The old Anglican church in St. Philip's may soon be demolished. (CBC)

An angry congregation faced off against its own minister in a small town outside St. John's Sunday, as residents demanded that an aging church be kept.

Most of the dozens of people who attended a meeting in St. Philip's oppose a plan to tear down the 116-year-old Anglican church in the community, which overlooks Conception Bay.

The Anglican church wants to tear down the building, which has already been deconsecrated, and use it as a graveyard. A new building was built nearby six years ago.

The church's leadership said a recent vote of parishioners approved of the demolition, and that most of those who attended Sunday's meeting missed the annual meeting.

"For the past 18 months, we made our decision, and we're standing by our decision," Edward Keeping, the church's rector, told the meeting.

When a member of the crowd asked Keeping to identify his reasons, he said they ought to have attended prior meetings.

"Your job is to help us, help everybody here," one woman called out to Keeping from the floor. "What are you doing?
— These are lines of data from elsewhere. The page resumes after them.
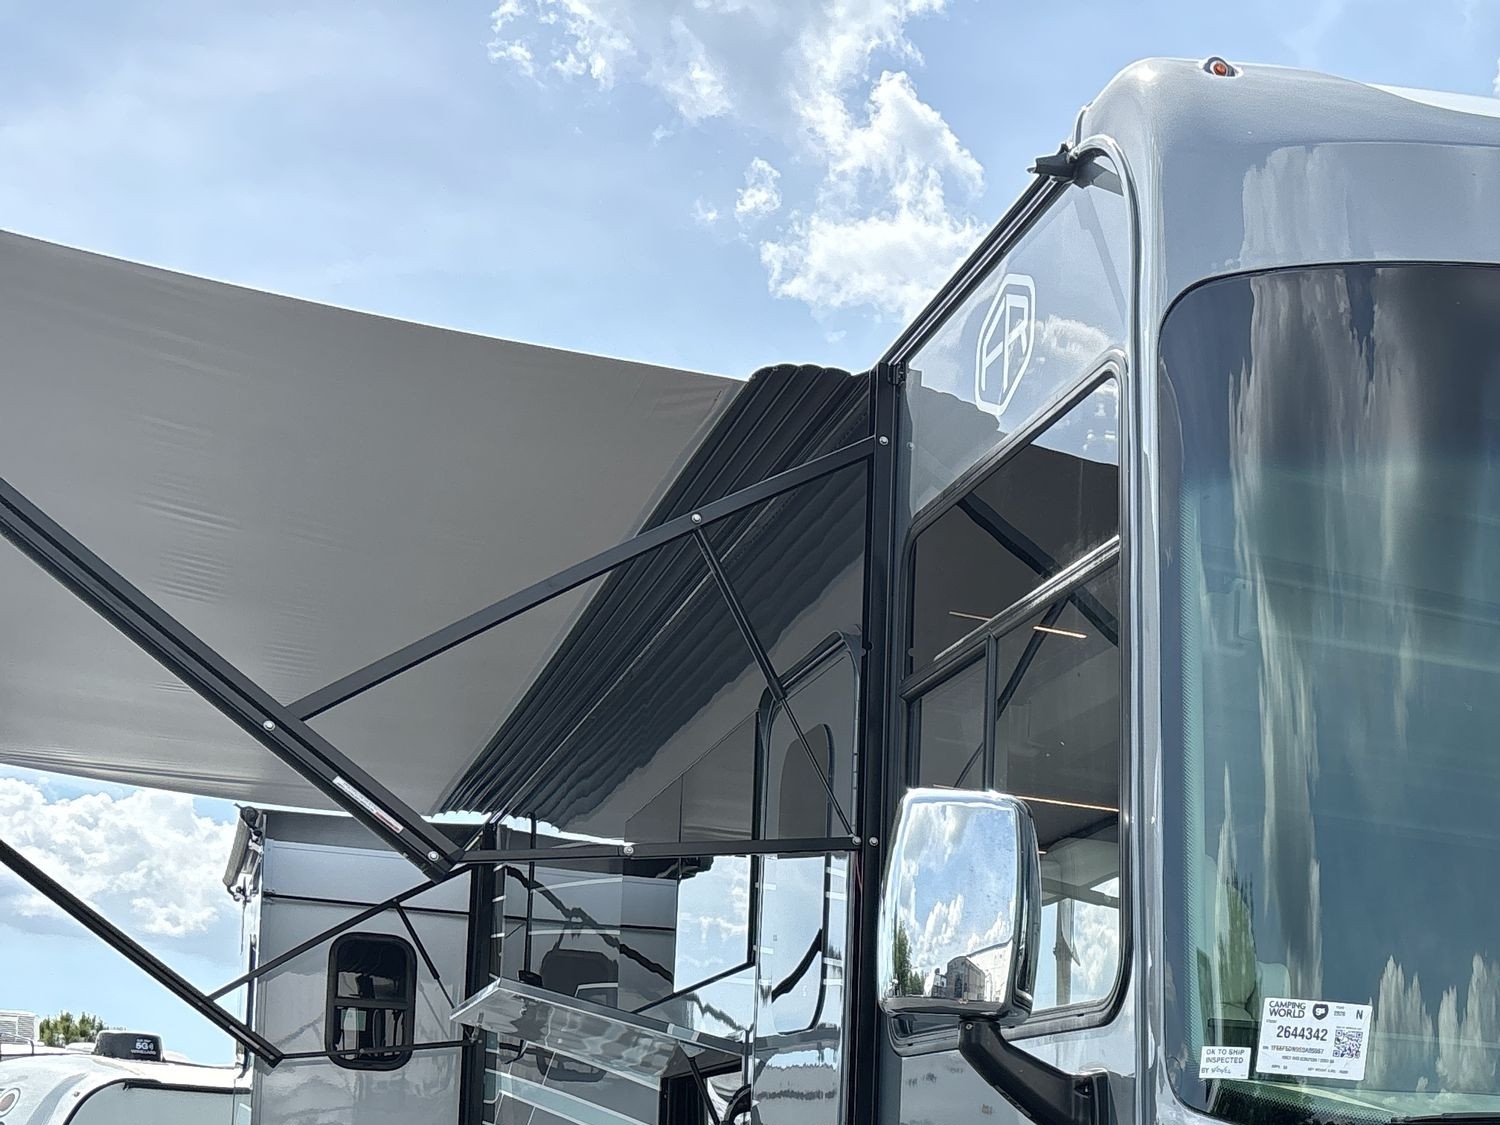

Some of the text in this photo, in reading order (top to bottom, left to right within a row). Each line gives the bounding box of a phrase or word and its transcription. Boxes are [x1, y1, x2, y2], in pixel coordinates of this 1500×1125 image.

[1269, 1000, 1306, 1010] CAMPING
[1269, 1008, 1305, 1019] WORLD
[1355, 1009, 1364, 1020] N
[1276, 1025, 1328, 1041] 2644342
[1228, 1048, 1245, 1056] SHIP
[1205, 1056, 1244, 1064] INSPECTED
You're going against the grain."

"We should have been at that meeting," another woman told Keeping. "We weren't at the damn meeting and we should have been."
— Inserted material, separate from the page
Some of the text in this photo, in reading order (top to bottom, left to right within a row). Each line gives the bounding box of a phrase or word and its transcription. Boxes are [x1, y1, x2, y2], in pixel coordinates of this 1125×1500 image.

Steve Sharpe, president of a group trying to save the old church, said the building ought to be preserved as a museum. He said people in the community, regardless of their faith, don't understand why a symbol of the community could soon disappear.

"We got the information out to the people who have been asking the question, 'Why do they want to tear down the old St. Philip's church? We had a good cross-section of people, a few parishioners, but we also had a lot of people who want to know what's going on," Sharpe said.
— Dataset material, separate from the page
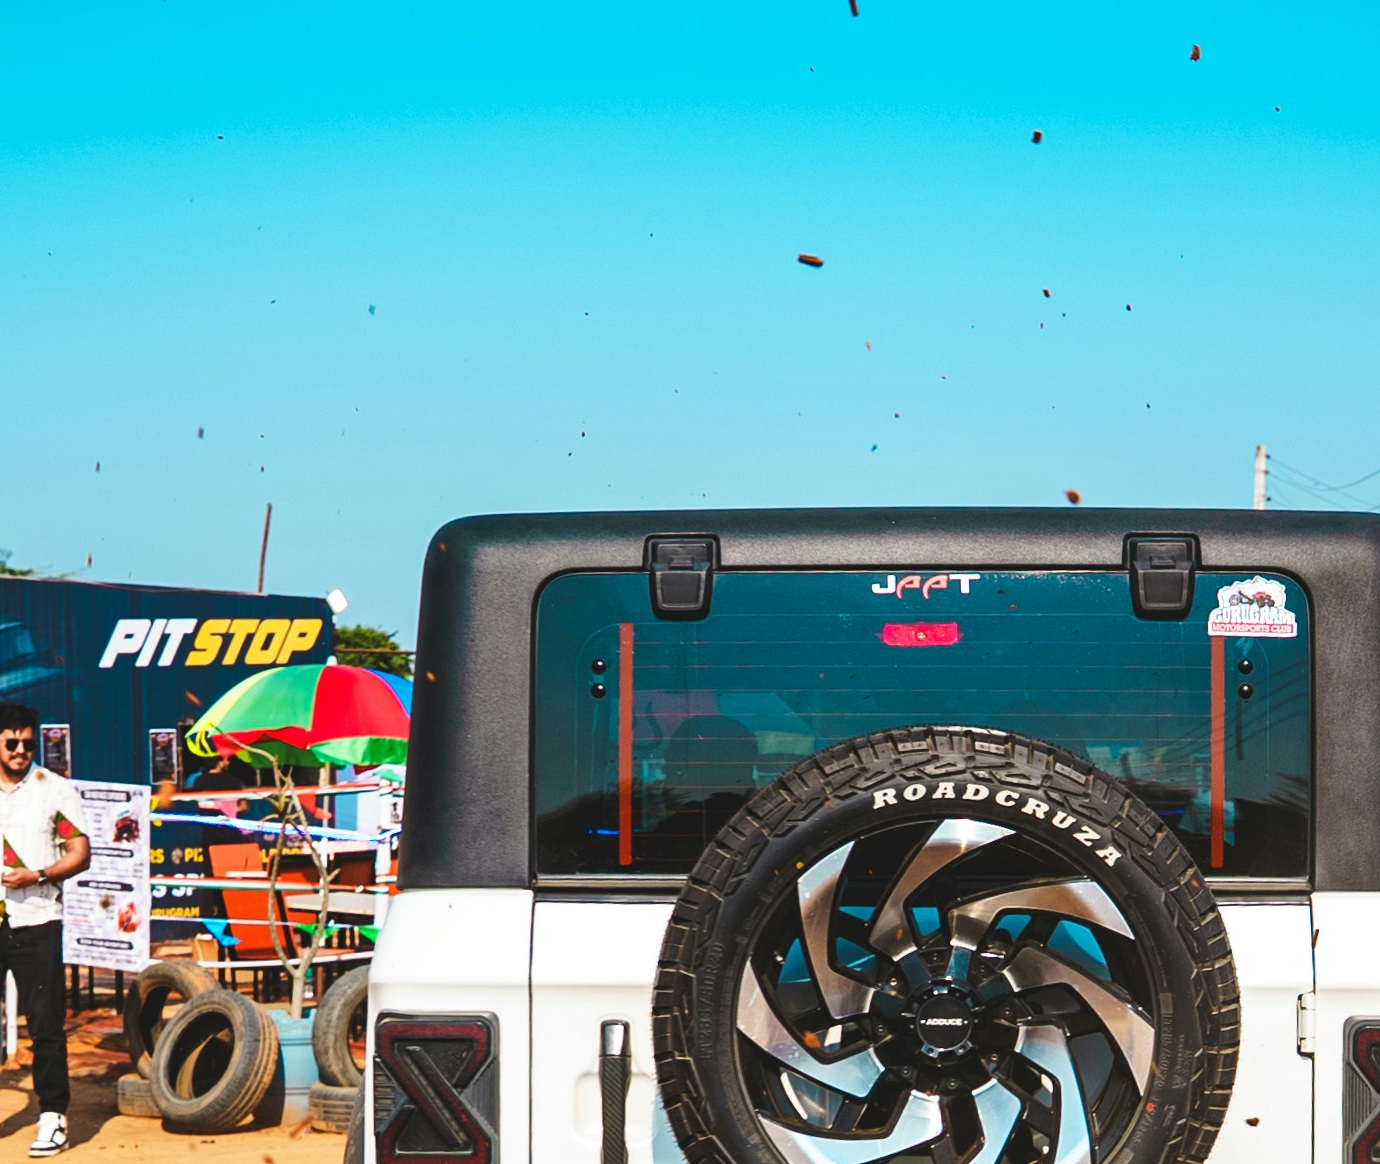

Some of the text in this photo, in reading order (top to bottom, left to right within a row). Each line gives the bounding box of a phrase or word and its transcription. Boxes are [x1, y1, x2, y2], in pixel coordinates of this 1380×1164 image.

[1212, 622, 1293, 633] MOTORSPORTS CLUB
[1214, 603, 1296, 625] GURUGRAM
[98, 618, 323, 668] PIT STOP
[872, 782, 1122, 867] ROADCRUZA
The matter goes to the Portugal Cove-St. Philip's town council on Tuesday night.

Gilbert Squires, a life-long resident of the community, doubts his grandfather would have donated the land for the new Anglican church building if he had known about plans for the old one.

"He's been dead now quite some years, but if he could see into the future, what they had planned — to build a new church on the land that we donated to the church and then tear down the old church? I don't think he would [have] been so generous," Squires told CBC News.

But the Anglican Church says one of the conditions of the new building was permission to demolish the old one.

Keeping said he is confident council will vote to allow the demolition.